It was strangely heartening to see Iraqis coming out to vote yesterday, even if I myself would not have voted in their place, even if many of their hopes are likely to be dashed as the election "results" become more obvious in the months ahead, and even if their reasons for voting are largely being ignored, or re-packaged as a victory for Bush & Co's "Freedom on the march" propaganda.
Democracy does not belong to the USA alone, nor to the warbloggers excitedly claiming this election as some kind of victory. There is no reason why those of us who opposed the US invasion cannot applaud any movement towards a better Iraq, even one as exaggerated and prone to misinterpretation as this election.
Juan Cole says he is appalled by "the cheerleading tone of US news coverage of the so-called elections."

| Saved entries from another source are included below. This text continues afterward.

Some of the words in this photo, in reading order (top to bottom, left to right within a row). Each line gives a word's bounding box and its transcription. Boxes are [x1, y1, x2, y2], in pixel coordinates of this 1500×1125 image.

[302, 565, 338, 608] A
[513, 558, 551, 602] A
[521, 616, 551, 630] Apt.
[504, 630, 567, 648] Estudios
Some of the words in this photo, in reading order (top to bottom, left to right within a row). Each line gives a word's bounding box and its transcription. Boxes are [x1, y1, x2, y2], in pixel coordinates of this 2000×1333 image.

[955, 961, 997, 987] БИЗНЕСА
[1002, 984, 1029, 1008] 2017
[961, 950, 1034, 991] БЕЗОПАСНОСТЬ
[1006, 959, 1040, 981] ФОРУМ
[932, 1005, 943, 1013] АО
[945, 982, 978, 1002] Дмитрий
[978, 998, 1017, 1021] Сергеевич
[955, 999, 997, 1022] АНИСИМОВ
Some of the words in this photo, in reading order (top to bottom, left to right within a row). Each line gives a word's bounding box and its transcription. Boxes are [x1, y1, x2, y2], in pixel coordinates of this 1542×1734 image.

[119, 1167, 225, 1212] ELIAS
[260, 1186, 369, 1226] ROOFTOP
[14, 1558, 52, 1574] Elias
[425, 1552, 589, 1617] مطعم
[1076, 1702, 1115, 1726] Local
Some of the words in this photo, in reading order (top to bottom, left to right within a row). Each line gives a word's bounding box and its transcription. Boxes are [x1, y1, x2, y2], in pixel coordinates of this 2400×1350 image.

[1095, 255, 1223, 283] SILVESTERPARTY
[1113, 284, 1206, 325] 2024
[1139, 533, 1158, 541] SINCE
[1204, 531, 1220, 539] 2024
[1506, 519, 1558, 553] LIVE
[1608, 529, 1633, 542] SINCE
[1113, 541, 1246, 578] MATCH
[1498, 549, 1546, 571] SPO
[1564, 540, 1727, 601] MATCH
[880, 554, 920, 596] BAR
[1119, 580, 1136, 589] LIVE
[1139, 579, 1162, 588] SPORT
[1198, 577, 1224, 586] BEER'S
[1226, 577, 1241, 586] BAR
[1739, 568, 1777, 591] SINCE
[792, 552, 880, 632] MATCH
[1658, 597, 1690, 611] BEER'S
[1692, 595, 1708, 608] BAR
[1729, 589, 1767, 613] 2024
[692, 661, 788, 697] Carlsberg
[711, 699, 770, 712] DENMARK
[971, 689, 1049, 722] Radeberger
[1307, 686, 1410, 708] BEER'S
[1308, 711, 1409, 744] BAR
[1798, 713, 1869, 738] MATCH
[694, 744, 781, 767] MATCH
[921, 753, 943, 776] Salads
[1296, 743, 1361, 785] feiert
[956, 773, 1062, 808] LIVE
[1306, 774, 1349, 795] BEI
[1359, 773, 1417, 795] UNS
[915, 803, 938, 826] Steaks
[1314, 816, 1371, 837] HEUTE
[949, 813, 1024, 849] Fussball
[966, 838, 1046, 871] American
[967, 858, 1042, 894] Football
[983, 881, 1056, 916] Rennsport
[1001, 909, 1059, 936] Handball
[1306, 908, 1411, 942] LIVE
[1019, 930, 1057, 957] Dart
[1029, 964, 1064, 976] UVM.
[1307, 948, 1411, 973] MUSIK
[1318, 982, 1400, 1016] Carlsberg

I said on television last week that this event is a "political earthquake" and "a historical first step" for Iraq. It is an event of the utmost importance, for Iraq, the Middle East, and the world. All the boosterism has a kernel of truth to it, of course. Iraqis hadn't been able to choose their leaders at all in recent decades, even by some strange process where they chose unknown leaders. But this process is not a model for anything, and would not willingly be imitated by anyone else in the region. The 1997 elections in Iran were much more democratic, as were the 2002 elections in Bahrain and Pakistan.Cole reminds readers that these elections were nothing like what Bush & Co originally had in mind, and only happened because of sustained pressure from the Shi'ites and the UN.
Things may gradually get better, but this flawed "election" isn't a Mardi Gras for Americans and they'll regret it if that is the way they treat it.